田根 剛(Atelier Tsuyoshi Tane Architects 代表 / 建築家)

今回の応募では「UNLEARNING」というテーマに対して、多種多様な提案がありました。
コンセプトが先にあってモノの提案がある作品が多かったように感じています。審査では、テーマに直接答える提案、テーマを越えようとする提案、また、「レディメイド」のように既存のモノ・コトから、価値観や製造方法、既成概念や前提条件を変えようとする提案に着目しました。
デザインアワードは製品化を目的とするコンペなので、最終審査は「プロダクト」としての評価になります。最後は「モノ」に期待しています。

柳原 照弘(デザイナー)

少し分かりにくいテーマの中、コンセプチュアルアートのような問いかけと、プロダクトの完成度を備えた秀逸な作品が多かったと思います。
見た目だけで判断せず、応募者の意図を多角的に考えながら審査しました。
また、見方によっては、応募者の意図ではない気づきもあるので、使っている状況をイメージして、小さな気づきを見落とさないように心がけました。
審査員の評価軸は様々ですので、最終審査ではいろいろな質問を想定してください。
多様な視点でプレゼンテーションしていただき、一次審査で拾いきれなかった意図も伝えられるような美しい言葉とモックアップを期待しています。

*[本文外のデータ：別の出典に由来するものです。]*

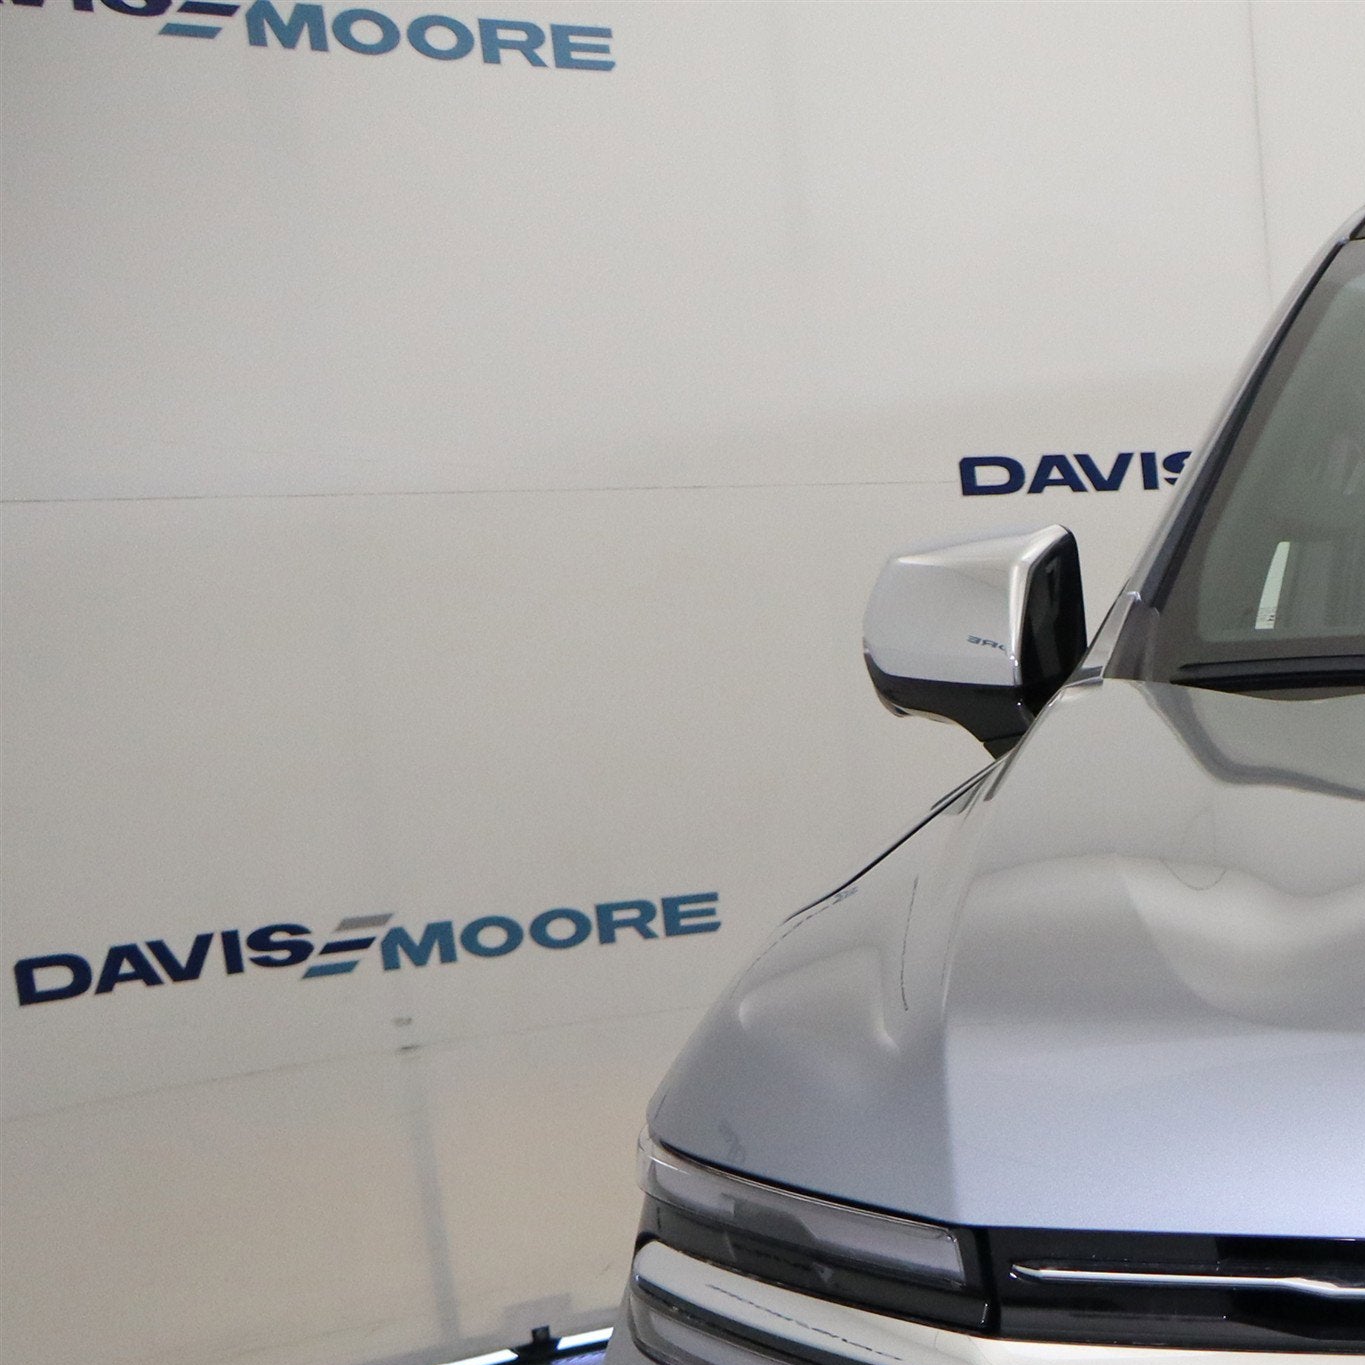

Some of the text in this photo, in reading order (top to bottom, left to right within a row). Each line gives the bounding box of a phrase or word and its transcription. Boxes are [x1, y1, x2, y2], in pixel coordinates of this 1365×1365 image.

吉泉 聡(TAKT PROJECT 代表 / デザイナー)

今回の審査を通じて改めて、何かを「UNLEARNING」させることはデザインの根本的な役割のひとつだと気づかされます。
だからこそ、この後の審査では「他のテーマでは出てこなかったであろうアイディアとは何か」という点を、さらに深く咀嚼して考えていきたいと思います。
また、今回、多くの作品と接する中で意識したのは、「試してみたい」と思わせる物の強さがあるかどうか、です。
最終審査では、頭で捉えられる「UNLEARNING」を超える、身体的な「UNLEARNING」に期待したいと思います。

黒田 英邦(コクヨ株式会社 / 代表取締役社長)

一次審査を通じて改めて「これからの世の中はますます多様性に富んでいく」という確信に近い感覚を持ちました。それぞれの作品に反映された考えや価値観はとても多様で、「UNLERNING」というテーマを設定した手応えを得ることができました。
ファイナリストに選ばれた作品にはどれも大きな可能性があると感じています。実際に作ってみたらどうなるのか、どう見えるのかを、早く知りたい、試したい、という気持ちで、今は最終審査の日を待ち望んでいます。さらなるブラッシュアップを経たプレゼンテーションとプロトタイプに出会えることを期待しています。